BEGIN DATA TO PROCESS
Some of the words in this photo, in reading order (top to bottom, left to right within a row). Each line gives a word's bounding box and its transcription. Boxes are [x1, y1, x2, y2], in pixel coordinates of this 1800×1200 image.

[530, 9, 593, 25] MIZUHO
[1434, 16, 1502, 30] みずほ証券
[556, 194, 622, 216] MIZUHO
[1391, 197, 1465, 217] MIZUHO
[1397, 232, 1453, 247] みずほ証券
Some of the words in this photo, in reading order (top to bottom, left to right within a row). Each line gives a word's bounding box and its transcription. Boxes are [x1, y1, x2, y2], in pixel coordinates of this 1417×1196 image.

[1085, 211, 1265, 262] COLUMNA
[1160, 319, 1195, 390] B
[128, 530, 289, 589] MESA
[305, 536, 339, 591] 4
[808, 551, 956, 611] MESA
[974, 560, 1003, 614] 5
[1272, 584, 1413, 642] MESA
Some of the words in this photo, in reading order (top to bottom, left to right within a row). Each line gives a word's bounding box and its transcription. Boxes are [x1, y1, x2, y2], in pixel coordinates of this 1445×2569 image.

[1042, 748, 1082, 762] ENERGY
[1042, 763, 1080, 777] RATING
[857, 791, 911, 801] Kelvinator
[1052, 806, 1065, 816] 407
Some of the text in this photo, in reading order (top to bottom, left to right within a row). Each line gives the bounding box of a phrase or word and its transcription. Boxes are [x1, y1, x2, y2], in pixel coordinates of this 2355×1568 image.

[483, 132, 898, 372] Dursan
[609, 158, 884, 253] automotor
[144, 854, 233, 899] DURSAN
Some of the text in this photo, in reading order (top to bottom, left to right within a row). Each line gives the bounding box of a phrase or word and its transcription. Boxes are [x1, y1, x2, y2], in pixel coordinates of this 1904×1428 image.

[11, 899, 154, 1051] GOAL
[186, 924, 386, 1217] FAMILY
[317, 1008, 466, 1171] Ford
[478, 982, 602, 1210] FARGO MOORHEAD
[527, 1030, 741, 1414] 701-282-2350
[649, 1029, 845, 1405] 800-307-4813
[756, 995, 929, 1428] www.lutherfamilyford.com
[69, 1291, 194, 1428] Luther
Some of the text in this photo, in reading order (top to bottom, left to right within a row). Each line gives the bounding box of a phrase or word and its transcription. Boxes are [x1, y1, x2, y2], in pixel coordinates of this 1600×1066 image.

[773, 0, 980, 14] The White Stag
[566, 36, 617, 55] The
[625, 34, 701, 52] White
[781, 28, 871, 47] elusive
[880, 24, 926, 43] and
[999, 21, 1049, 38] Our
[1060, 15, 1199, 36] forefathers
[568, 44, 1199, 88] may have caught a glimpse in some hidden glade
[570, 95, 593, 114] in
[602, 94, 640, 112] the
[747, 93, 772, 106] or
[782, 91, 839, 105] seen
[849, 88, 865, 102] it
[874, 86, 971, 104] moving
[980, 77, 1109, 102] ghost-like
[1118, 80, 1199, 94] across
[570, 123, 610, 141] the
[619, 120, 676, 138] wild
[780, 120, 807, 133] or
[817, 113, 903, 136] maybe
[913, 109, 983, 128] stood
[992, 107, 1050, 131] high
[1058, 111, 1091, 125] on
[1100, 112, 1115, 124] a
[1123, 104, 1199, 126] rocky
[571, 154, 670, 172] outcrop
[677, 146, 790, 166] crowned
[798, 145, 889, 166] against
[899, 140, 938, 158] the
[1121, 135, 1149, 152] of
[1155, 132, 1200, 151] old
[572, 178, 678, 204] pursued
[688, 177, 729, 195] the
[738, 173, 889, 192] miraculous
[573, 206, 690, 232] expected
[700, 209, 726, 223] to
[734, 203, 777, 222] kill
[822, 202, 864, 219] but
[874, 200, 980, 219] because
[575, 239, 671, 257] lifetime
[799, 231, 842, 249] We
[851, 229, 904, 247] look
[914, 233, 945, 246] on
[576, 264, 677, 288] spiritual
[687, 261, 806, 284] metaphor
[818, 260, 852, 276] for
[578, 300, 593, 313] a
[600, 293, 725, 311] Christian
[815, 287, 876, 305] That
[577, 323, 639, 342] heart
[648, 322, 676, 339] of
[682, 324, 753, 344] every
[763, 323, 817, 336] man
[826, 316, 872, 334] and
END DATA TO PROCESS
▸ **TASK**
Please give back the entries above, unchanged and complete.

▸ **EXPECTED ANSWER**
Some of the words in this photo, in reading order (top to bottom, left to right within a row). Each line gives a word's bounding box and its transcription. Boxes are [x1, y1, x2, y2], in pixel coordinates of this 1800×1200 image.

[530, 9, 593, 25] MIZUHO
[1434, 16, 1502, 30] みずほ証券
[556, 194, 622, 216] MIZUHO
[1391, 197, 1465, 217] MIZUHO
[1397, 232, 1453, 247] みずほ証券
Some of the words in this photo, in reading order (top to bottom, left to right within a row). Each line gives a word's bounding box and its transcription. Boxes are [x1, y1, x2, y2], in pixel coordinates of this 1417×1196 image.

[1085, 211, 1265, 262] COLUMNA
[1160, 319, 1195, 390] B
[128, 530, 289, 589] MESA
[305, 536, 339, 591] 4
[808, 551, 956, 611] MESA
[974, 560, 1003, 614] 5
[1272, 584, 1413, 642] MESA
Some of the words in this photo, in reading order (top to bottom, left to right within a row). Each line gives a word's bounding box and its transcription. Boxes are [x1, y1, x2, y2], in pixel coordinates of this 1445×2569 image.

[1042, 748, 1082, 762] ENERGY
[1042, 763, 1080, 777] RATING
[857, 791, 911, 801] Kelvinator
[1052, 806, 1065, 816] 407
Some of the text in this photo, in reading order (top to bottom, left to right within a row). Each line gives the bounding box of a phrase or word and its transcription. Boxes are [x1, y1, x2, y2], in pixel coordinates of this 2355×1568 image.

[483, 132, 898, 372] Dursan
[609, 158, 884, 253] automotor
[144, 854, 233, 899] DURSAN
Some of the text in this photo, in reading order (top to bottom, left to right within a row). Each line gives the bounding box of a phrase or word and its transcription. Boxes are [x1, y1, x2, y2], in pixel coordinates of this 1904×1428 image.

[11, 899, 154, 1051] GOAL
[186, 924, 386, 1217] FAMILY
[317, 1008, 466, 1171] Ford
[478, 982, 602, 1210] FARGO MOORHEAD
[527, 1030, 741, 1414] 701-282-2350
[649, 1029, 845, 1405] 800-307-4813
[756, 995, 929, 1428] www.lutherfamilyford.com
[69, 1291, 194, 1428] Luther
Some of the text in this photo, in reading order (top to bottom, left to right within a row). Each line gives the bounding box of a phrase or word and its transcription. Boxes are [x1, y1, x2, y2], in pixel coordinates of this 1600×1066 image.

[773, 0, 980, 14] The White Stag
[566, 36, 617, 55] The
[625, 34, 701, 52] White
[781, 28, 871, 47] elusive
[880, 24, 926, 43] and
[999, 21, 1049, 38] Our
[1060, 15, 1199, 36] forefathers
[568, 44, 1199, 88] may have caught a glimpse in some hidden glade
[570, 95, 593, 114] in
[602, 94, 640, 112] the
[747, 93, 772, 106] or
[782, 91, 839, 105] seen
[849, 88, 865, 102] it
[874, 86, 971, 104] moving
[980, 77, 1109, 102] ghost-like
[1118, 80, 1199, 94] across
[570, 123, 610, 141] the
[619, 120, 676, 138] wild
[780, 120, 807, 133] or
[817, 113, 903, 136] maybe
[913, 109, 983, 128] stood
[992, 107, 1050, 131] high
[1058, 111, 1091, 125] on
[1100, 112, 1115, 124] a
[1123, 104, 1199, 126] rocky
[571, 154, 670, 172] outcrop
[677, 146, 790, 166] crowned
[798, 145, 889, 166] against
[899, 140, 938, 158] the
[1121, 135, 1149, 152] of
[1155, 132, 1200, 151] old
[572, 178, 678, 204] pursued
[688, 177, 729, 195] the
[738, 173, 889, 192] miraculous
[573, 206, 690, 232] expected
[700, 209, 726, 223] to
[734, 203, 777, 222] kill
[822, 202, 864, 219] but
[874, 200, 980, 219] because
[575, 239, 671, 257] lifetime
[799, 231, 842, 249] We
[851, 229, 904, 247] look
[914, 233, 945, 246] on
[576, 264, 677, 288] spiritual
[687, 261, 806, 284] metaphor
[818, 260, 852, 276] for
[578, 300, 593, 313] a
[600, 293, 725, 311] Christian
[815, 287, 876, 305] That
[577, 323, 639, 342] heart
[648, 322, 676, 339] of
[682, 324, 753, 344] every
[763, 323, 817, 336] man
[826, 316, 872, 334] and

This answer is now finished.